Esok harinya, Adies segera mengklarifikasi pernyataannya. Ia mengaku kesalahan dalam menyampaikan data. Menurutnya, tunjangan beras hanya sebesar Rp 200.000 per bulan dan tidak berubah sejak 2010. Tunjangan bensin juga tetap sebesar Rp 3 juta. Gaji pokok anggota DPR pun sekitar Rp 6,5 juta per bulan dan tidak naik selama 15 tahun terakhir. Meski begitu, penjelasan ini tidak sepenuhnya meredakan kemarahan publik.
Adies juga tidak menyangkal bahwa anggota DPR kini mendapat tunjangan perumahan sebesar Rp 50 juta per bulan sebagai pengganti fasilitas rumah dinas yang tidak lagi tersedia. Hal ini memicu kritik lebih lanjut, terutama setelah Nafa Urbach, anggota DPR dari Fraksi NasDem, menyampaikan dukungan terhadap tunjangan tersebut. Ia menjelaskan bahwa anggota DPR berasal dari berbagai daerah dan harus menyewa rumah dekat Senayan untuk memudahkan akses. Pernyataan Nafa justru memicu kritik keras dari publik, sehingga ia akhirnya meminta maaf.
Tidak hanya itu, Wakil Ketua Komisi III DPR Ahmad Syahroni juga menuai sorotan setelah menyampaikan pernyataan pedas terhadap publik yang mengkritik DPR. Ia menyebut orang yang mengajukan seruan “Bubarkan DPR” sebagai orang tolol. Ucapan ini memperkeruh suasana dan memicu gelombang kecaman dari masyarakat.

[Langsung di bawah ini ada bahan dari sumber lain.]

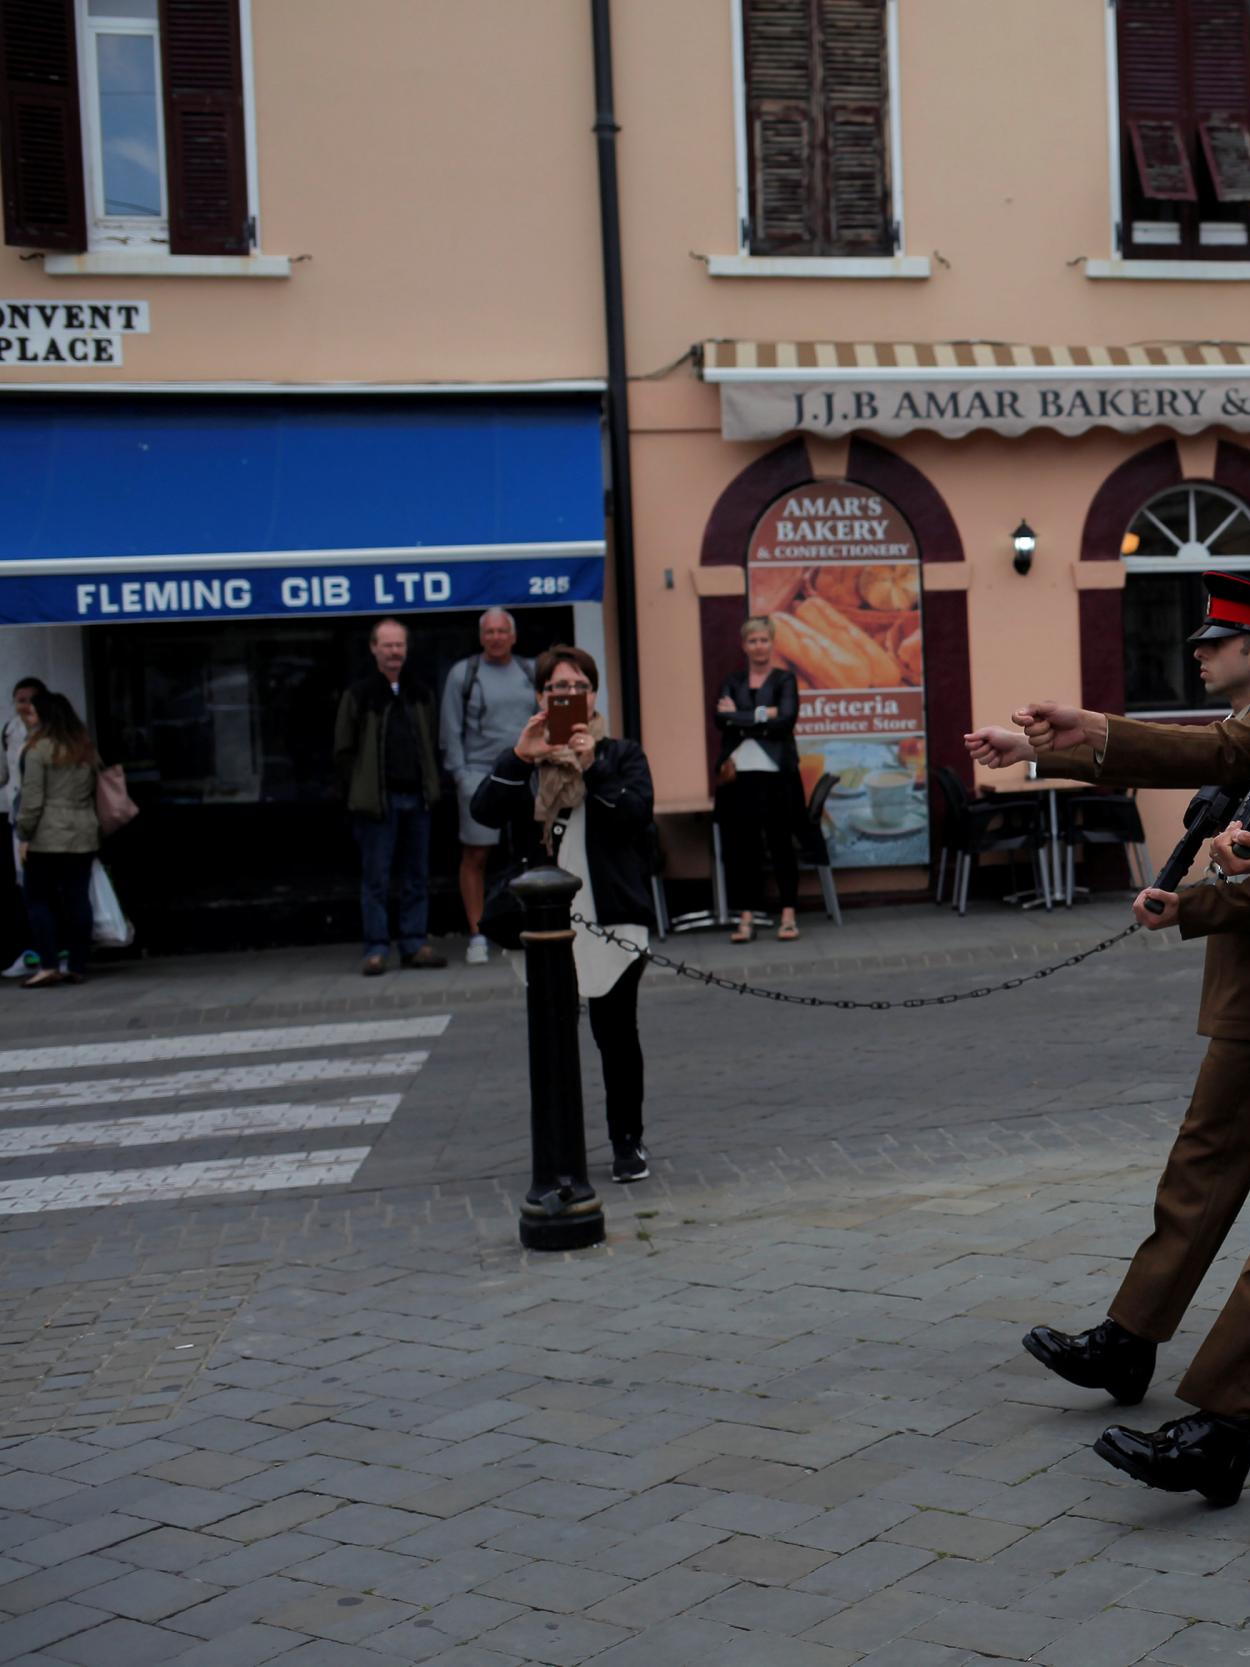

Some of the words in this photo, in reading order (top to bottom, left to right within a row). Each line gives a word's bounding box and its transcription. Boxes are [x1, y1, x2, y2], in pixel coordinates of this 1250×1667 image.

[0, 303, 140, 330] NVENT
[891, 389, 1026, 420] AMAR
[1038, 387, 1207, 419] BAKERY
[783, 496, 883, 519] AMAR'S
[776, 519, 890, 542] BAKERY
[757, 546, 771, 560] &
[774, 543, 910, 559] CONFECTIONERY
[76, 577, 252, 615] FLEMING
[281, 574, 351, 608] GIB
[373, 570, 452, 605] LTD
[528, 575, 571, 596] 285
[799, 695, 899, 718] afeteria
[795, 719, 869, 733] venience
[873, 717, 918, 731] Store

Selain itu, Eko Patrio, anggota DPR sekaligus mantan komedian, juga turut memancing kritik dengan mengunggah parodi sebagai operator Sound Horeg. Video tersebut dianggap menantang rakyat yang sedang mengkritik DPR. Meski akhirnya Eko meminta maaf, banyak warganet menilai sikapnya tidak sesuai dengan empati yang diharapkan.

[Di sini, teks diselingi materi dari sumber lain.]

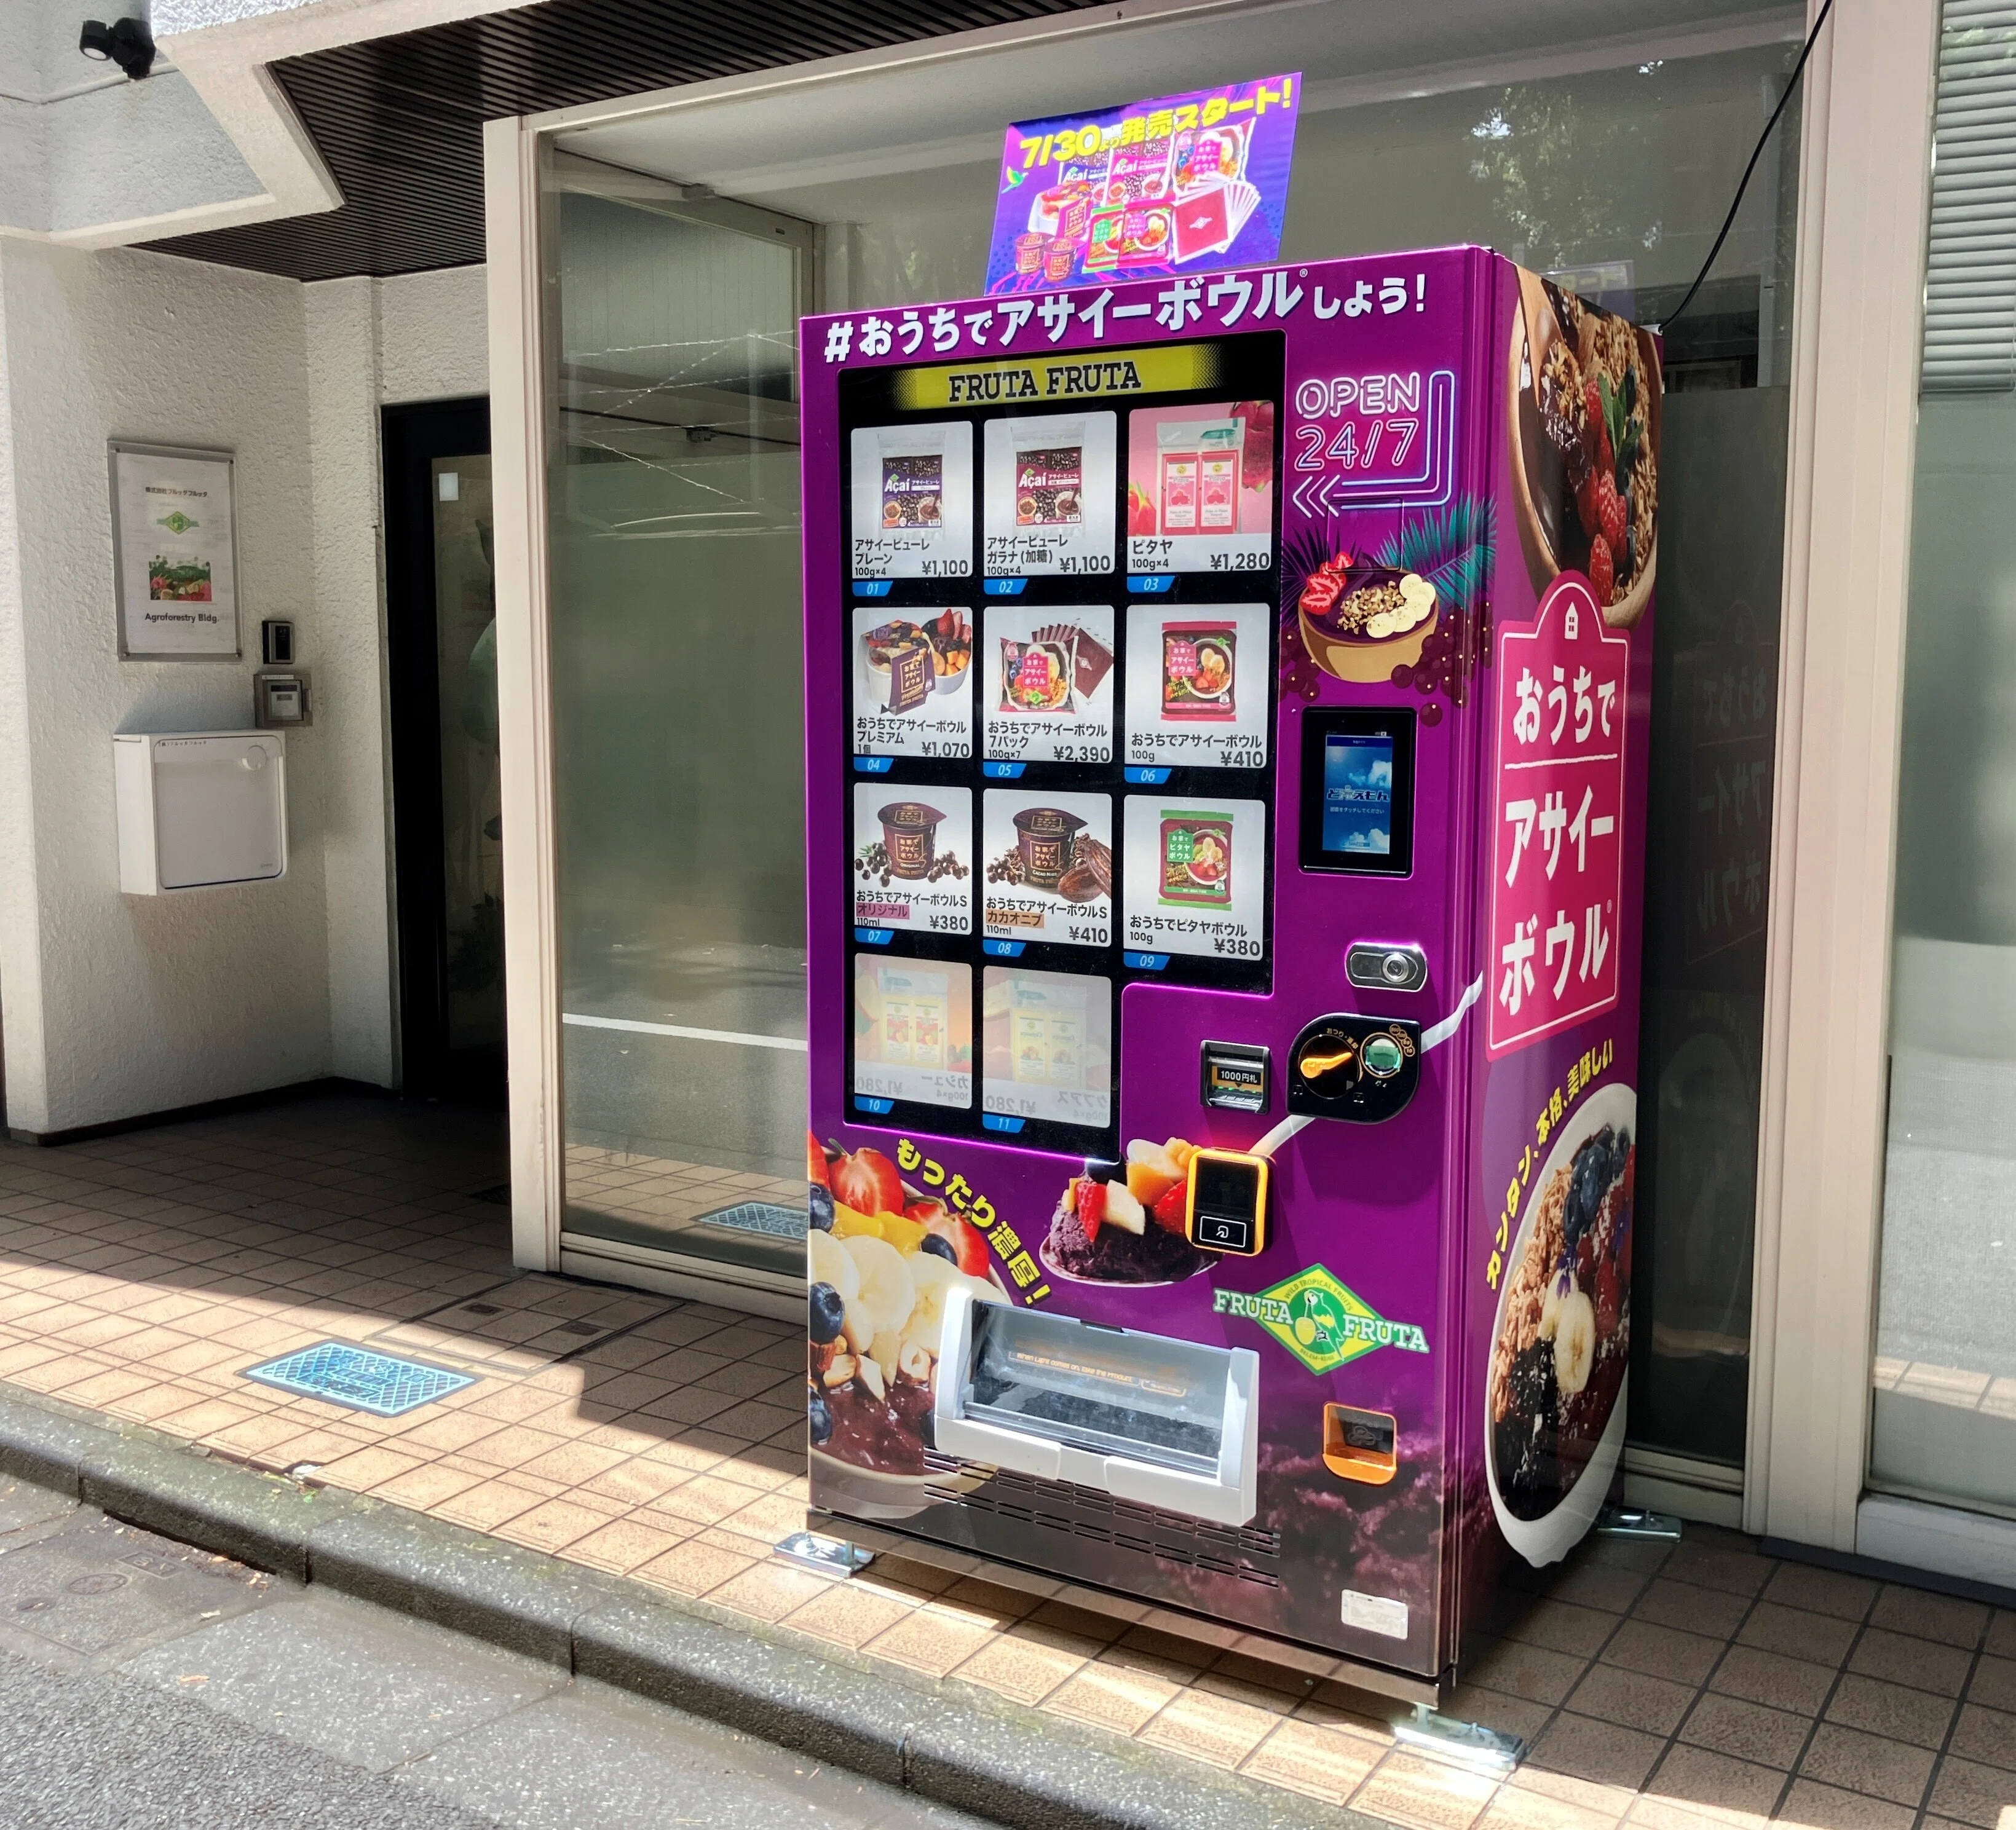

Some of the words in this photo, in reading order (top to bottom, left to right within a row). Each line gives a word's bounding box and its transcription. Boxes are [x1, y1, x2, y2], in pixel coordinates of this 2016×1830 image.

[949, 368, 1040, 403] FRUTA
[1046, 360, 1142, 395] FRUTA
[1295, 371, 1421, 420] OPEN
[1294, 417, 1419, 472] 24/7
[855, 537, 930, 551] アサイーピューレ
[987, 534, 1068, 550] アサイーピューレ
[1133, 538, 1173, 555] ピタヤ
[922, 559, 968, 577] ¥1,100
[1059, 555, 1111, 575] ¥1,100
[1210, 552, 1270, 572] ¥1,280
[867, 583, 879, 595] 01
[999, 580, 1013, 593] 02
[1144, 577, 1159, 591] 03
[144, 612, 196, 623] Agroforestry
[1512, 664, 1617, 747] おうちで
[857, 716, 967, 734] おうちでアサイーボウル
[988, 720, 1108, 737] おうちでアサイーボウル
[857, 730, 905, 744] プレミアム
[989, 735, 1029, 749] 7パック
[1131, 732, 1263, 749] おうちでアサイーボウル
[922, 741, 970, 758] ¥1,070
[1053, 745, 1110, 763] ¥2,390
[1131, 749, 1155, 763] 100g
[867, 759, 880, 771] 04
[1220, 751, 1264, 768] ¥410
[998, 763, 1012, 776] 05
[1140, 769, 1156, 783] 06
[1504, 784, 1615, 889] アサイー
[856, 889, 968, 907] おうちでアサイーボウルS
[858, 904, 908, 918] オリジナル
[986, 896, 1108, 919] おうちでアサイーボウルS
[929, 914, 969, 931] ¥380
[987, 910, 1043, 927] カカオニブ
[1129, 914, 1247, 938] おうちでピタヤボウル
[868, 930, 881, 942] 07
[986, 924, 1012, 935] 110ml
[1069, 925, 1109, 944] ¥410
[1129, 931, 1153, 945] 100g
[997, 942, 1012, 955] 08
[1214, 937, 1260, 957] ¥380
[1139, 954, 1155, 968] 09
[1220, 1069, 1259, 1084] 1000円札
[868, 1098, 880, 1111] 10
[998, 1118, 1010, 1130] 11
[1213, 1288, 1294, 1325] FRUTA
[1342, 1314, 1429, 1354] FRUTA

Puncak kekecewaan publik terjadi pada Senin (25/8/2025), saat ribuan demonstran memenuhi kawasan Senayan. Poster-poster tuntutan seperti “DPR: Dewan Pembeban Rakyat”, “Bubarkan DPR”, dan lainnya dibentangkan. Aksi ini awalnya damai, namun berujung ricuh setelah aparat menggunakan tindakan represif seperti menyemprotkan air dan menembakkan gas air mata. Akibatnya, fasilitas umum rusak, motor dibakar, dan pos polisi menjadi sasaran amukan massa.

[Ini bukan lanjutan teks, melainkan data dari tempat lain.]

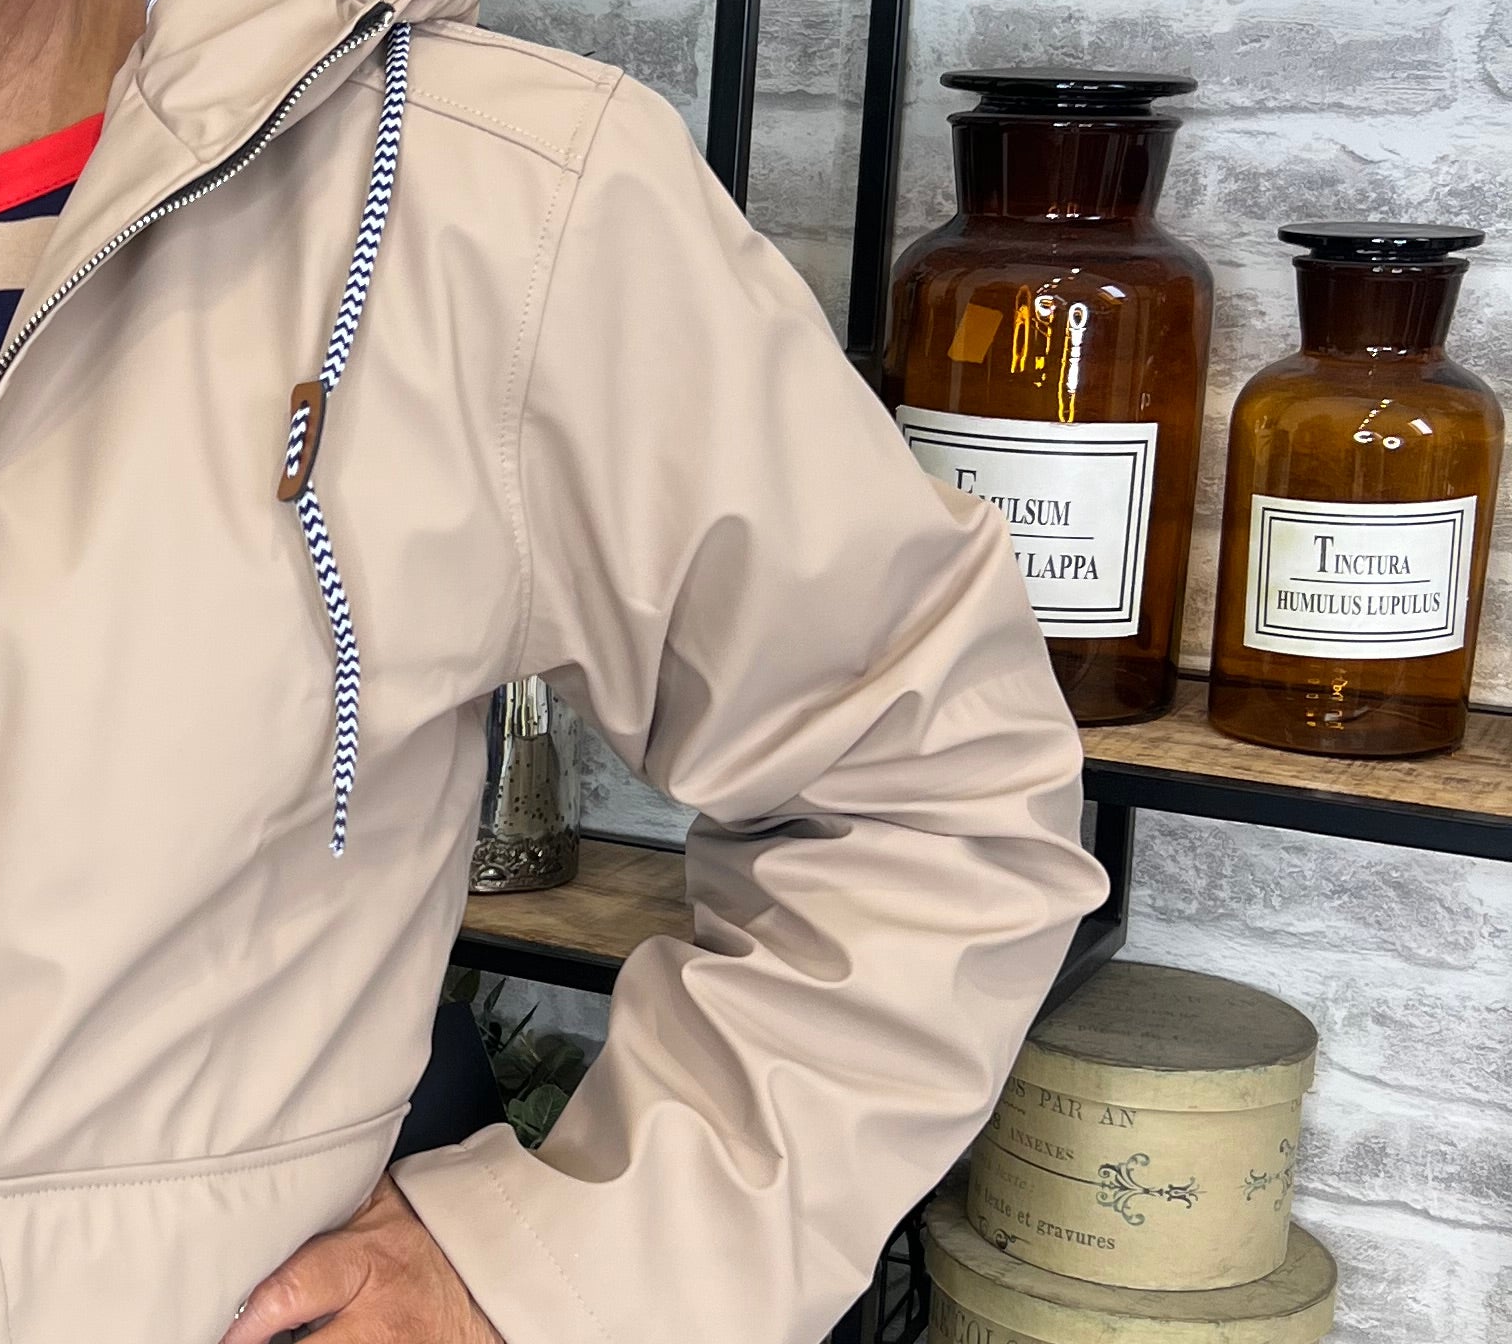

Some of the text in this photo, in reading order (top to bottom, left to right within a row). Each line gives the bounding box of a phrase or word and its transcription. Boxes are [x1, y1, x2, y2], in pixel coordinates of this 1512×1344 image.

Peneliti Forum Masyarakat Peduli Parlemen Indonesia (Formappi) Lucius Karus menilai bahwa sikap anggota DPR yang menyetujui tunjangan perumahan menunjukkan bahwa mereka kehilangan sense of crisis. Ia menyoroti bahwa besarnya tunjangan tidak sebanding dengan kinerja DPR. Dari 42 RUU prioritas tahun 2025, DPR hanya mengesahkan satu RUU, yaitu revisi UU TNI. Sementara itu, 13 RUU lain yang disahkan berasal dari daftar kumulatif terbuka, seperti RUU pembentukan provinsi atau kabupaten/kota, serta RUU BUMN dan RUU Minerba.
Lucius menegaskan bahwa dengan tunjangan besar yang diterima, DPR seharusnya bekerja maksimal demi rakyat. Sayangnya, tunjangan tersebut justru memanjakan anggota DPR dan membuat kinerja mereka kurang optimal.